Exclude the pictures from your copy, and reproduce each entry below verbatim.

____

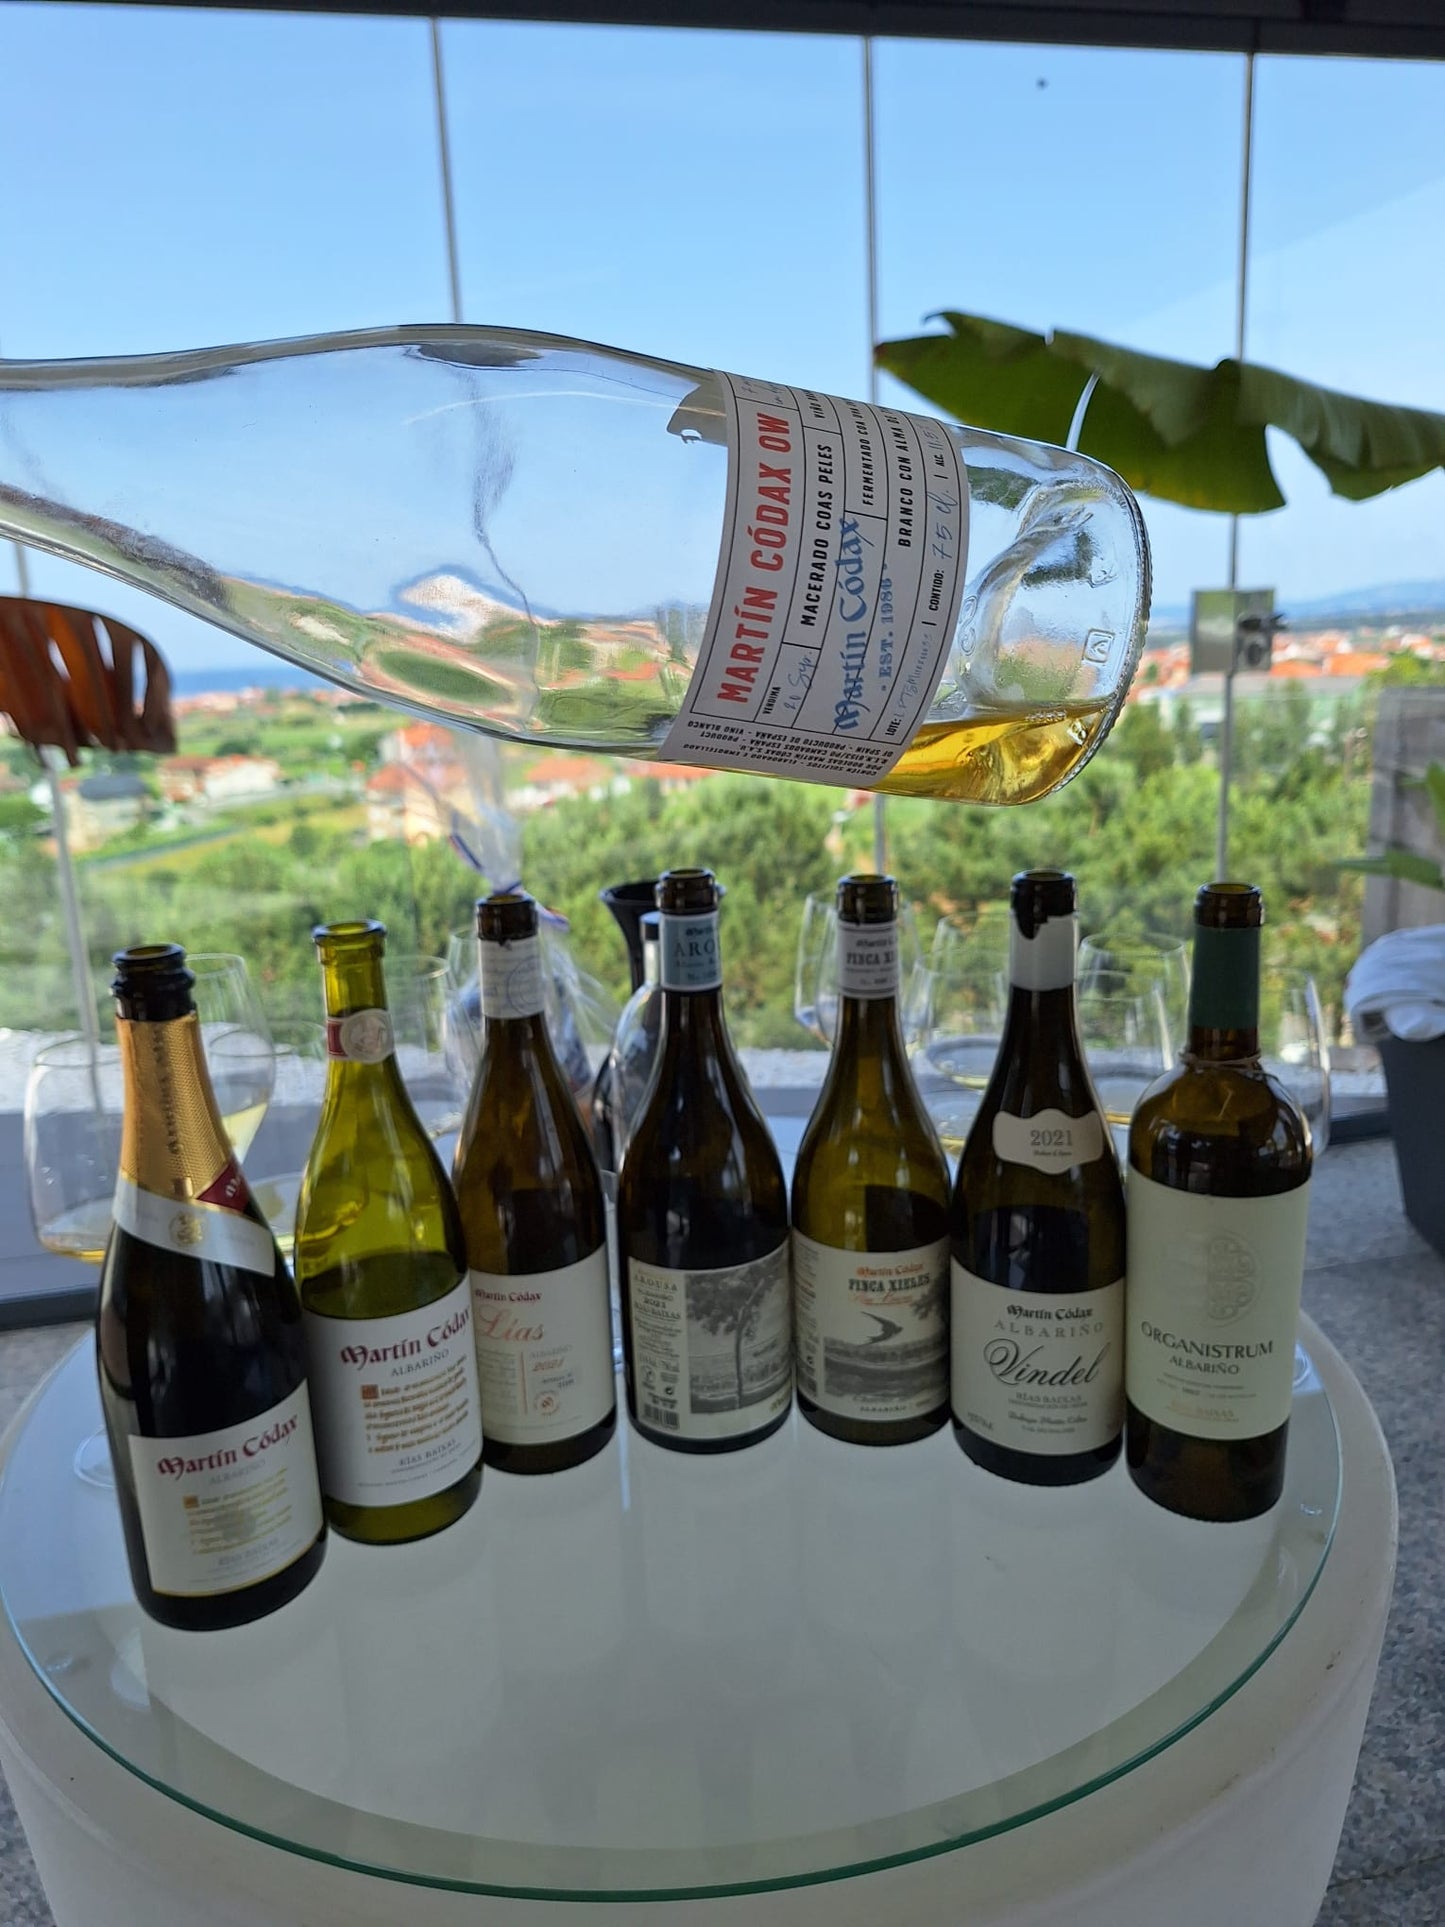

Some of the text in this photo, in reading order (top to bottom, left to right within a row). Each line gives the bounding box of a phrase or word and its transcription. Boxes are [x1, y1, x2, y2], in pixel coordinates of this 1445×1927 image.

[756, 412, 792, 453] OW
[890, 426, 909, 452] ALMA
[860, 438, 874, 506] FERMENTADO
[897, 456, 913, 481] CON
[747, 462, 792, 572] CÓDAX
[800, 444, 834, 627] MACERADO COAS PELES
[898, 487, 914, 548] BRANCO
[928, 569, 945, 612] CONTIDO:
[834, 517, 875, 730] Martín Códax
[878, 577, 894, 678] EST. 1986
[717, 586, 778, 703] MARTÍN
[762, 686, 782, 715] VENDIMA
[885, 718, 902, 737] LOTE:
[1029, 1129, 1074, 1147] 2021
[1006, 1303, 1094, 1322] Martín Códax
[340, 1338, 422, 1371] Martín
[1140, 1320, 1274, 1360] ORGANISTRUM
[983, 1338, 1112, 1387] Vindel
[1169, 1355, 1240, 1376] ALBARIÑO
[157, 1448, 239, 1482] Martín

____

**TASK SOLUTION**:
Some of the text in this photo, in reading order (top to bottom, left to right within a row). Each line gives the bounding box of a phrase or word and its transcription. Boxes are [x1, y1, x2, y2], in pixel coordinates of this 1445×1927 image.

[756, 412, 792, 453] OW
[890, 426, 909, 452] ALMA
[860, 438, 874, 506] FERMENTADO
[897, 456, 913, 481] CON
[747, 462, 792, 572] CÓDAX
[800, 444, 834, 627] MACERADO COAS PELES
[898, 487, 914, 548] BRANCO
[928, 569, 945, 612] CONTIDO:
[834, 517, 875, 730] Martín Códax
[878, 577, 894, 678] EST. 1986
[717, 586, 778, 703] MARTÍN
[762, 686, 782, 715] VENDIMA
[885, 718, 902, 737] LOTE:
[1029, 1129, 1074, 1147] 2021
[1006, 1303, 1094, 1322] Martín Códax
[340, 1338, 422, 1371] Martín
[1140, 1320, 1274, 1360] ORGANISTRUM
[983, 1338, 1112, 1387] Vindel
[1169, 1355, 1240, 1376] ALBARIÑO
[157, 1448, 239, 1482] Martín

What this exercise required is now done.